Tuesday, December 05, 2006

The Answer is "No"

With due respect to the amount of server space that Ezra, Ezra, Ezra, etc. have dedicated to this discussion of the possibility of an alliance between liberals and libertarians, or in other iterations of how libertarians and liberals can be friends, I really, really don't understand why people waste their time on this question. The answer is no.

1. There is no electoral payoff. The vast over-representation of libertarians in the blogosphere sometimes fools us into thinking that there's some libertarian constituency out there, but, as a commenter at Tapped aptly put it, "this is all fun mental masturbation, but at the end of the day, 98% of the people who call themselves 'libertarians' only care about their taxes going down. Deficits don't matter, liberties don't matter, only taxes." An "alliance" with libertarians buys the Democratic Party like, six votes. Promising to lower taxes gets us more, but that's hardly a cutting insight, and brings us to the second problem...
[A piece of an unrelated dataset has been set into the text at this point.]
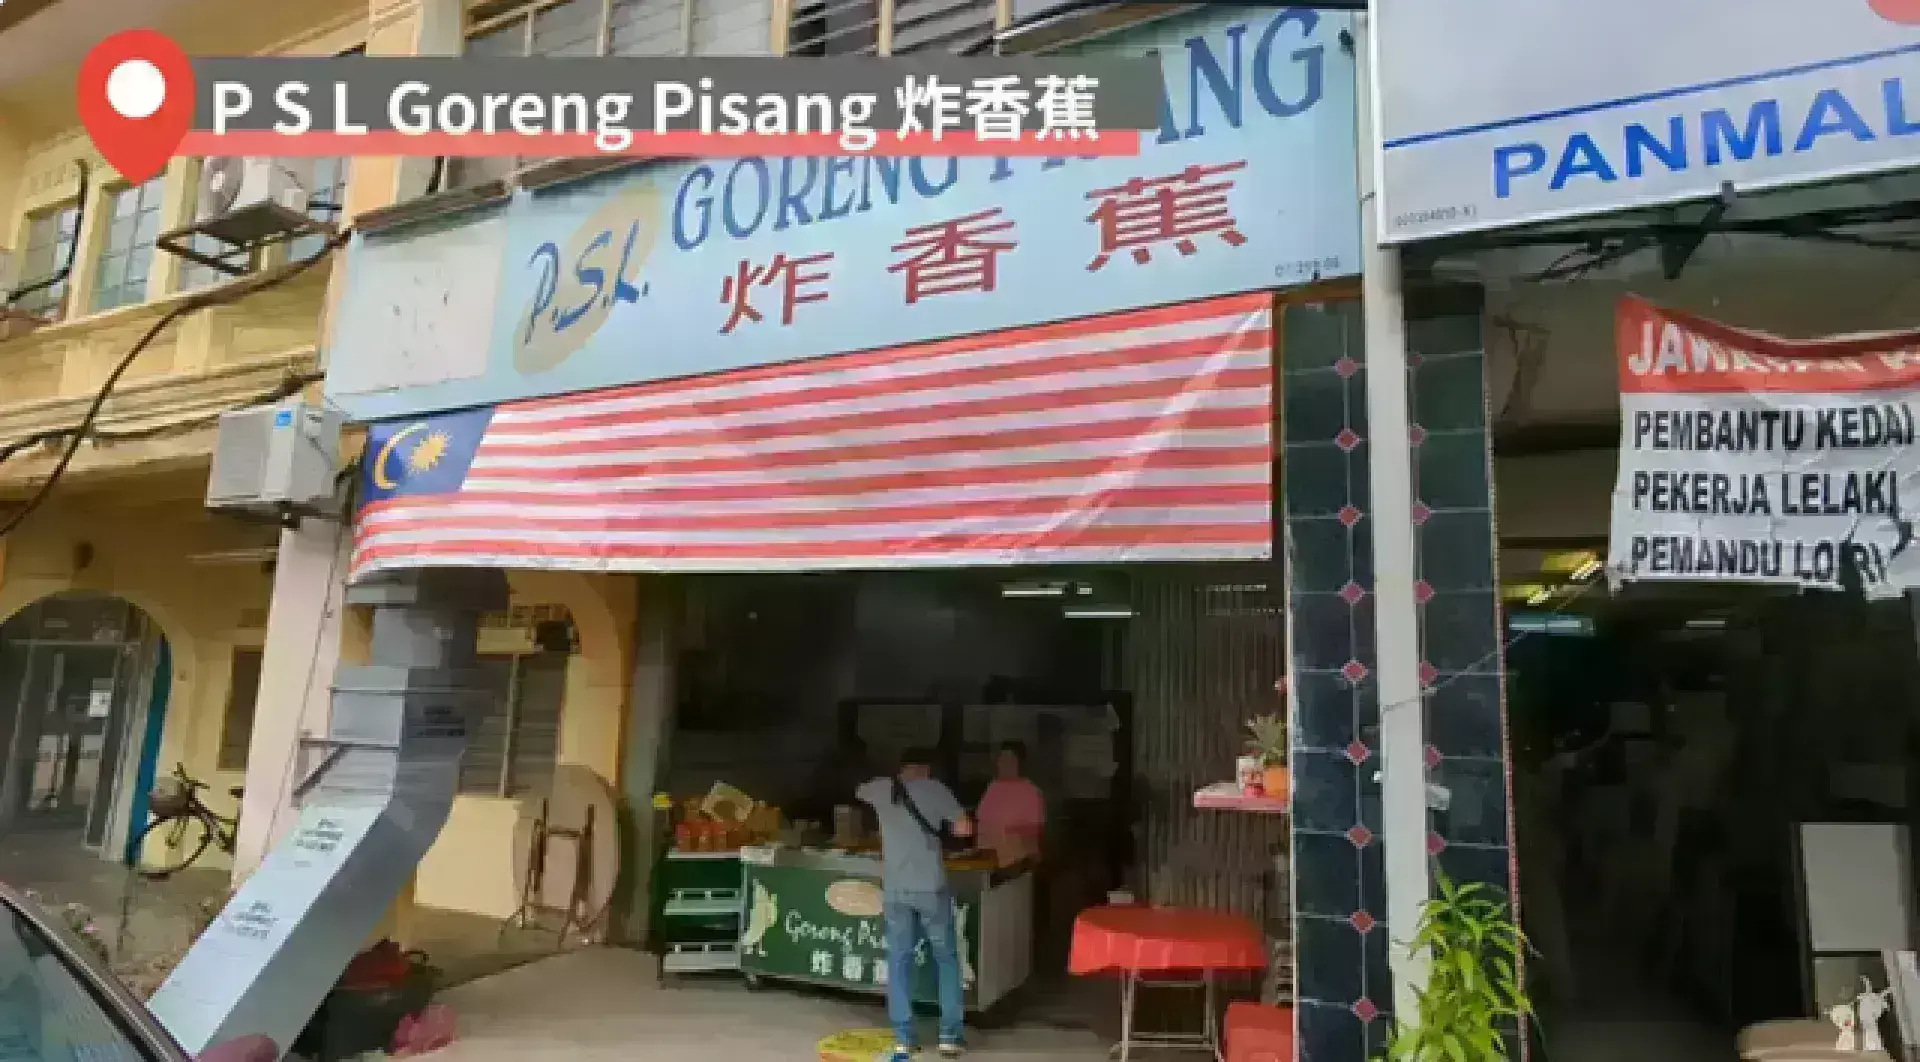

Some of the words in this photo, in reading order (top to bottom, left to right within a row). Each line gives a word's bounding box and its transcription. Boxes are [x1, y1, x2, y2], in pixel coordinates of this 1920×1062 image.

2. Libertarian policies are stupid, and anathema to responsible government. It's great and all to incorporate "libertarian insights" into social and economic policy, but the term for that isn't "libertarian"; it's responsible, well thought out governance. Of course it's a good idea to keep deficits down and take account of how incentives help structure behavior, but libertarians don't have a monopoly on the good thinking on those kinds of questions. They do have a lot of really bad ideas, though, ideas that are fundamentally hostile to any notion of the government having a positive impact on the lives of human beings. Taking the best ideas from libertarianism doesn't require "engaging the movement", such that it is. This leads us to the third problem...
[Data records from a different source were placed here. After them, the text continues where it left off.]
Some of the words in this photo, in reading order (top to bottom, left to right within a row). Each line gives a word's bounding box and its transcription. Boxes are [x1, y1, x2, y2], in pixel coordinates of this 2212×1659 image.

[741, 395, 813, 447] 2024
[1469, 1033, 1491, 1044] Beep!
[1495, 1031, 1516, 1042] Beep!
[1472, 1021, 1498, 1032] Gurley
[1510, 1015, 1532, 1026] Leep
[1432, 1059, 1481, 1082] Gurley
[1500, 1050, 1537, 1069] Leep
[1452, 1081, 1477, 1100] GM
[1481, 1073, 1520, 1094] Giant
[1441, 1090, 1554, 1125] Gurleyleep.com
3. Libertarianism is, fundamentally, an ideology for thirteen year olds. It's popular in the blogosphere because people who believe they have no need for a regulatory or redistributionist government (relatively wealthy white dudes) are heavily over-represented on the internet. It's a philosophy largely empty of meaningful policy content, as its tenets fail to describe any system of governance that exists today or that, in fact, has ever existed. As Matt pointed out once and as Rick Perlstein depicted at length in Before the Storm, libertarian ideas are at their most fantastic when compared with the record of governance in the region where libertarianism is most popular. Life in the interior West is utterly dependent on the government, not only for financial assisstance but also for security, infrastructure, property rights maintenance, etc. This is the reason I've never seen an upside in "claiming the mantle of Goldwater"; Goldwater's career and political identity was built on a fantasy.

So, again, I wonder why should waste our time listening to these people. They don't represent a constituency, their ideas are antithetical to progressive government, and they don't make any bloody sense even on their own terms. Moreover, for every libertarian who's been smart enough to figure out that the Republican Party doesn't support any of their principles, there's another who remains committed to tax deferments and brutal state coercion.